Mohon tunggu...
Pangeran Widiyanto
Pangeran Widiyanto Mohon Tunggu... -

nyanyian kehidupan akan selalu indah didengar dengan halusnya rasa dalam memahami harmoni perbedaan

Selanjutnya

Tutup

Humaniora Pilihan

Penghujung Tahun Pendidikan Kita

1 Januari 2016   21:39 Diperbarui: 1 Januari 2016   22:34 116
+
Laporkan Konten
Laporkan Akun
Kompasiana adalah platform blog. Konten ini menjadi tanggung jawab bloger dan tidak mewakili pandangan redaksi Kompas.
Lihat foto
Bagikan ide kreativitasmu dalam bentuk konten di Kompasiana | Sumber gambar: Freepik

Tahun 2015 dunia pendidikan kita sarat dengan cerita duka, bahkan mendung masih menggelayut di penghujung tahun ini, karena berbagai persoalan pendidikan datang silih berganti, mungkin memberi irama, tapi sumbang, mungkin memberi warna, tapi semakin menjadi kusam.

Kurikulum 2013 yang merupakan peninggalan kebijakan pendidikan era M. Nooh tetap berjalan, sampai akhirnya kebijakan baru lewat menteri yang baru sedikit memberi harapan pada awalnya, melalui penghentian pelaksanaan K13 di sebagian sekolah, banyak pihak menyambut baik keputusan tersebut meski banyak juga yang menyayangkan mengapa tidak dihentikan saja secara total, toh sudah cukup terang benderang alasan-alasan yang menyebabkan K13 belum cukup layak untuk diterapkan.

Dan kalau kita sebagai pelaku-pelaku pendidikan mau jujur 100% pasti semua akan menjawab apa sih dampak kemajuan dari pelaksanaan K13 yang sudah dirasakan ? apakah ada perubahan yang signifikan ? apakah mindset kita sudah sesuai harapan K13 ?

Dengan lamanya bergulirnya waktu dan besarnya Triliunan Rupiah yang telah keluar untuk membiayai K13 ini, kiranya sangat perlu kita berhitung ulang, bukan hanya materi tetapi esensi dan dampak perubahan itu.

Selain kurikulum, sertifikasi guru menjadi salah satu hits persoalan pendidikan yang tak kunjung usai. Sertifikasi guru yang dengan ideal ingin membentuk guru-guru yang profesional nampaknya masih jauh panggang dari api, masih tidak sesuai harapan, ataukah mungkin sudah keluar jalur ?

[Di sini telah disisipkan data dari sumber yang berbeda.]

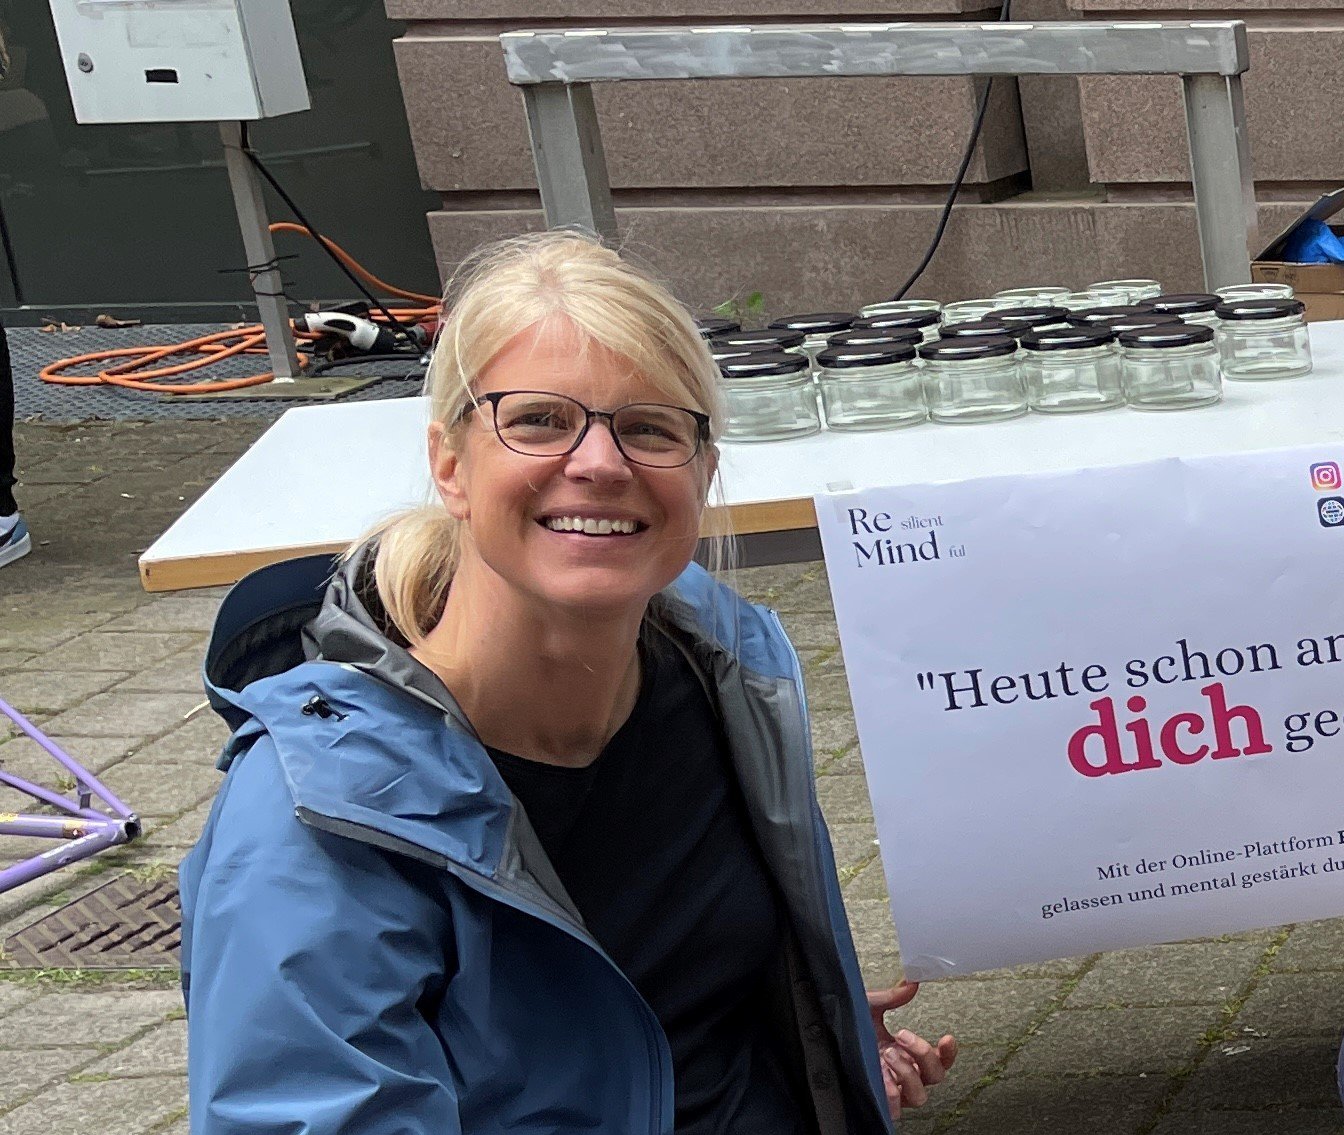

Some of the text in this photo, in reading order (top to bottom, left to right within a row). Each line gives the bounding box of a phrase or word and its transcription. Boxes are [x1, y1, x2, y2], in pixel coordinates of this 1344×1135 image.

[847, 507, 945, 536] Re silient
[852, 529, 967, 568] Mind ful
[916, 661, 1111, 712] "Heute
[1125, 638, 1283, 689] schon
[1066, 682, 1273, 778] dich
[1096, 862, 1131, 881] Mit
[1135, 858, 1168, 875] der
[1172, 836, 1335, 869] Online-Plattform
[1041, 893, 1124, 920] gelassen
[1127, 882, 1166, 901] und
[1170, 871, 1237, 897] mental
[1241, 861, 1319, 889] gestärkt

Filosofi VIP-kan guru – sekarang seolah berubah menjadi 'Persulitlah Guru', guru yang seharusnya menjadi ujung tombak, sekarang makin sering guru menjadi kambing hitam.

Beberapa tahap ketidakpercayaan pemerintah terhadap guru, dan ketidakpercayaan ini akan selalu diulang-ulang setiap tahun melalui Uji Kompetensi Guru (UKG) merupakan satu indikator bahwa dunia guru selalu menjadi sorotan ketidakpercayaan dan kambing hitam terhadap keterpurukan dunia pendidikan kita.

Apabila kita bisa membandingkan secara rasio yang wajar, dunia guru hanyalah sebagian kecil dari sistem pendidikan kita secara umum, karena disisi lain ada dunia Perguruan Tinggi/ dunia dosen, ada kurikulum, dan ada kebijakan yang secara umum mengatur sistem pendidikan itu sendiri.

Sangatlah disayangkan apabila persoalan pendidikan selalu berkutat hanya menyoroti dunia guru, yang notabene guru juga manusia, yang punya rasa dan punya hati seperti orang-orang dengan profesi yang lain.

Cobalah, seorang guru adalah produk perguruan tinggi juga, sudah melalui tempaan kuliah beberapa tahun, kemudian lulus dengan ijazah dan akta mengajar, tentunya bukanlah sebuah proses yang serta merta dan instan. Kemudian melalui proses penerimaan PNS seorang guru pada dasarnya sudah melalui proses seleksi yang kualified.

Setelah itu seorang guru menjalani proses sertifikasi guru, lulus dan mendapatkan penghargaan melalui tunjangan profesi, lalu guru menjalani UKG, lulus, dan UKG lagi, lulus lagi, begitu seterusnya.... apalagi yang masih kurang ???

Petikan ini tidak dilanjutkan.